When you rebuilt the clutch center, you probably removed the clutch push-rod from the left side, the clutch lift mechanism on the TS has a ball bearing, which bears against the clutch push-rod. It would be worth checking if the ball bearing is still in place or not. If its missing you will have inadvertently shortened the push-rod hence the clutch cant fully disengage.

If the ball bearing is in place, the way I adjust the clutch is as follows (note, others may have their own ideas, this is just mine):-
- as a starting point, make sure all the springs are the same length and also the spring cups have the same depth. Its not unusual to find mismatched parts here.

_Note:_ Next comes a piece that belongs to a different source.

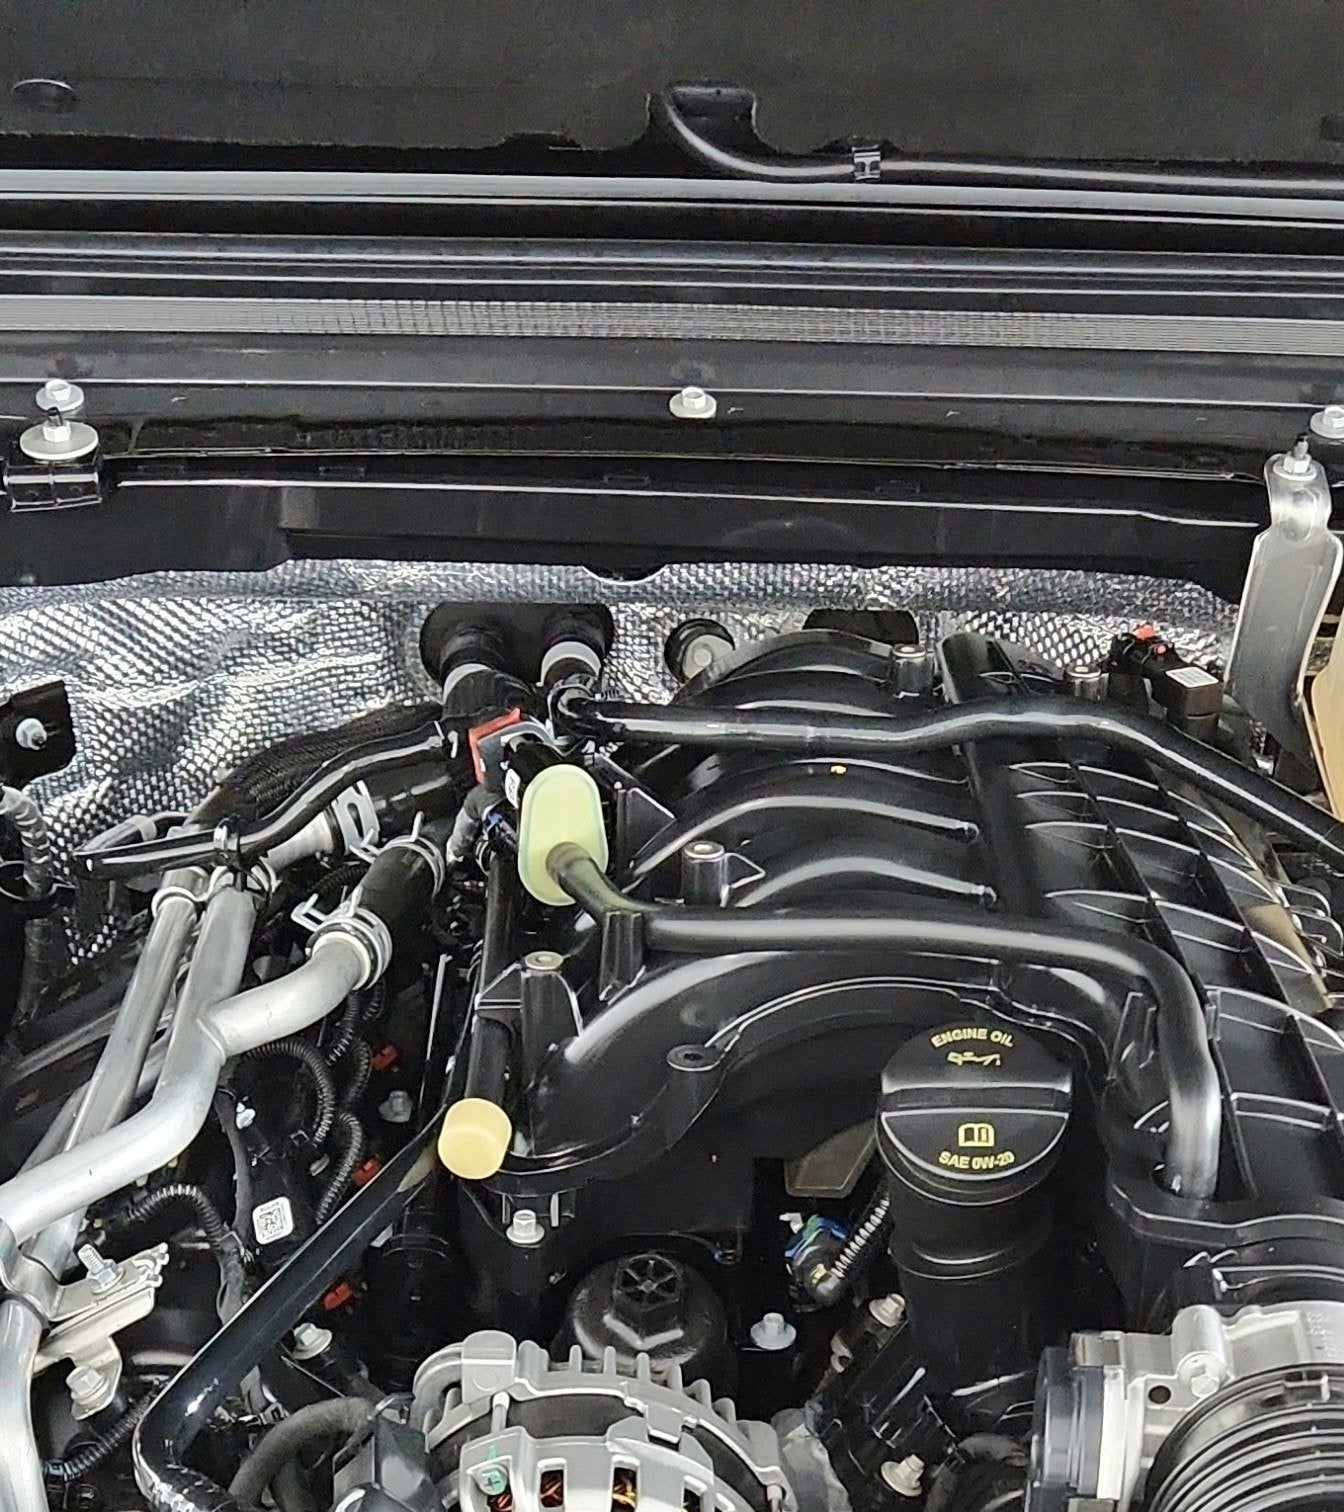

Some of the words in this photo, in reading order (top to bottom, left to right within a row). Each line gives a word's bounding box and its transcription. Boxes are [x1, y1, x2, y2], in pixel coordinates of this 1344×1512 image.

[930, 1027, 988, 1048] ENGINE
[989, 1030, 1014, 1048] OIL
[938, 1151, 970, 1169] SAE
[971, 1151, 1015, 1169] 0W-20

- with the adjuster on the pressure plate undone, start with adjusting the cable so that when the handle bar lever is pulled in, the lever mechanism in the timing cover is fully pulled in, but not fouling or grounding on any parts of the cover.
- screw in the clutch springs as far as they will go and then unscrew each by an equal amount (e.g. 1 turn), these settings will later be used to check if the clutch needs more free play to disengage
- turn in the adjuster screw on the pressure plate so its just touching the pushrod, then back off by 1/2 a turn
- pull the handlebar lever and try kicking over, ideally the clutch plates should disengage
- if the clutch plates dont fully disengage try unscrewing the springs all by 1/2 turn and see if its any better.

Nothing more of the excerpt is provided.